Fixing India’s slum rehabilitation housing
Millions of new houses being built for former slum-dwellers are failing their residents and fuelling unnecessary energy use. New research aims to improve their design before it’s too late.
Well over 100 million people live in squatter or slum-like settlements in India. In 1995, the state of Maharashtra trialled a policy to move some of these people into permanent slum rehabilitation housing (SRH) as a way to clear Mumbai's slums. Following its perceived success, the policy was adopted by the Indian Government in 2014.
So far, the country has built one-third of its planned SRH stock – the Government intends to create another 20 million homes by 2022. And now other countries in the Global South, including Ethiopia and Brazil, are poised to follow India’s lead.
But Cambridge’s Ronita Bardhan, University Lecturer of Sustainability in the Built Environment, has major concerns about the design of the buildings and how they have been laid out. Bardhan is urging the Indian Government to make urgent improvements before rolling the programme out any further.
By making certain modifications, she argues, the country can dramatically improve the lives of inhabitants and slow the spiralling use of electricity-hungry fans, air conditioning (AC) units and lights.
Currently, many households are spending around 40% of their income on electricity. In a survey of 1,244 SRH households in Mumbai, Bardhan found that ownership of AC units rose by 100% after people moved from the slums to SRH.
“India’s energy security is based on the assumption that the poorest in society won’t be using much fuel,” Bardhan says, “But we’ve found that when people move from the slums into a rehabilitation home, their energy consumption dramatically increases.”
“As the climate heats up, people will suffer even more discomfort in these poorly designed buildings. They’re being forced to buy AC units and if they don’t have the money to use them all day now, they will do as they get wealthier. This could have a big impact on India’s energy security but also global warming.”

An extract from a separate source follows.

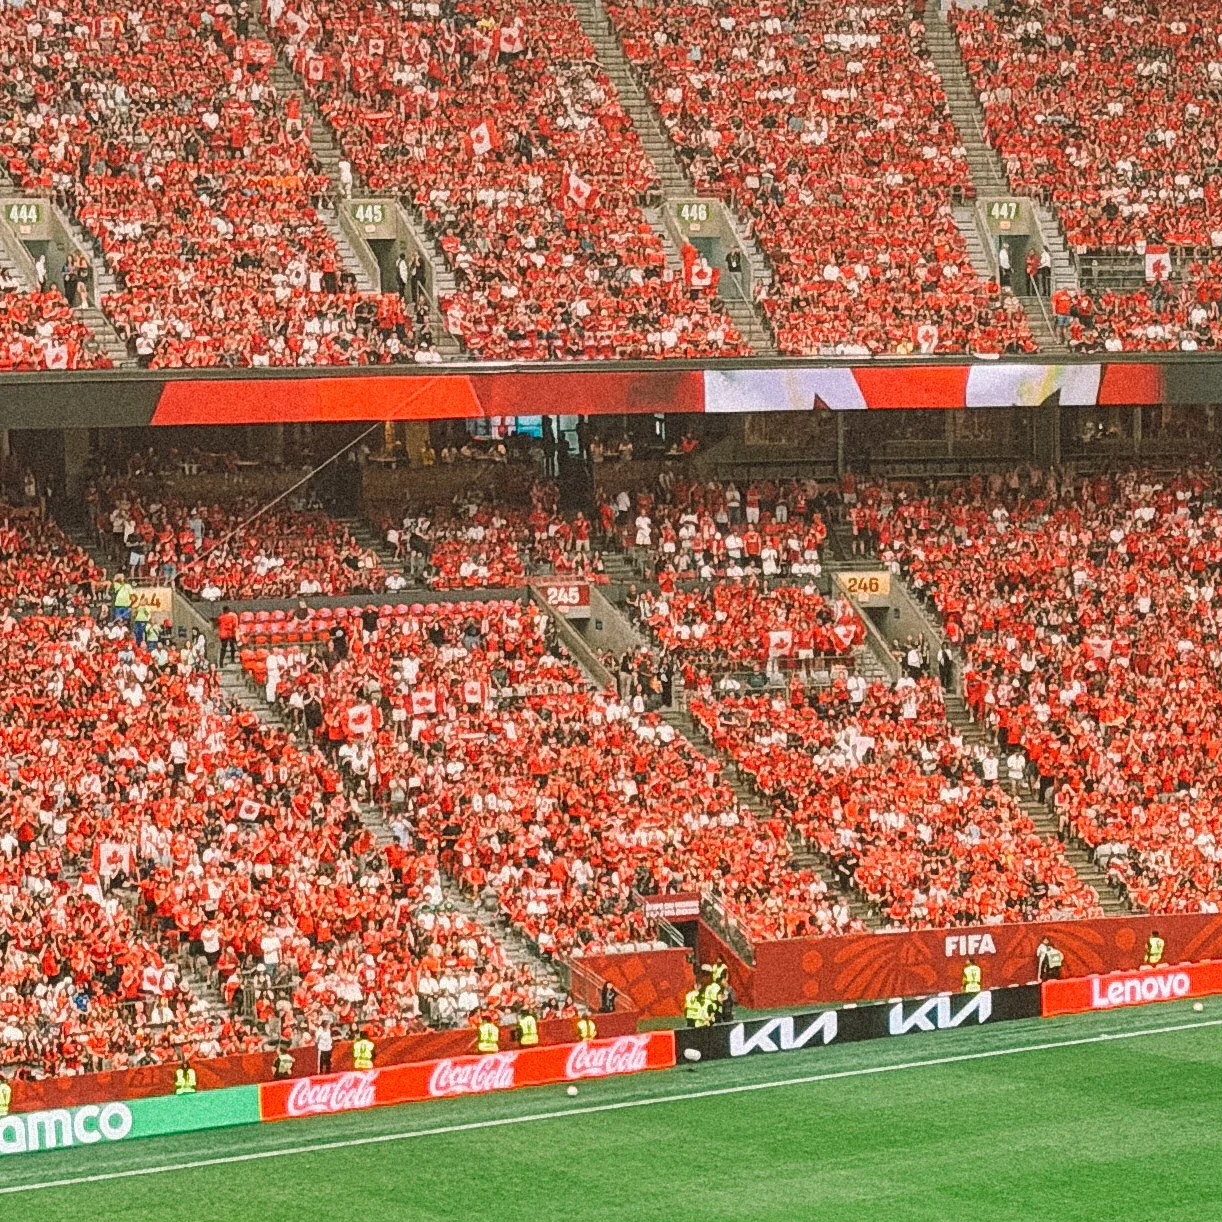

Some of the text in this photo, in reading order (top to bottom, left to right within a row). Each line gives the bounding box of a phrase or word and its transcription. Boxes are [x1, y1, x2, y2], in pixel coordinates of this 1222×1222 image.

The SRH policy deserves credit for its good intentions and ambition, Bardhan emphasises. Under it, the slum-dweller receives a house or apartment for free (a life-changing opportunity); the developer receives prime land for free which he can use to sell high-end apartments; and the Government avoids having to evict or compensate anyone. But, she says, “It needs urgent modification.”
The construction of rehabilitation housing in India is led by developers, leaving the Government with relatively little direct oversight over its design and construction. Developers are expected to respect seventeen basic specifications but Bardhan is calling for the adoption of additional design guidelines to include the obligation to fit an exhaust fan to every house; the provision of public space; and measures to improve natural ventilation.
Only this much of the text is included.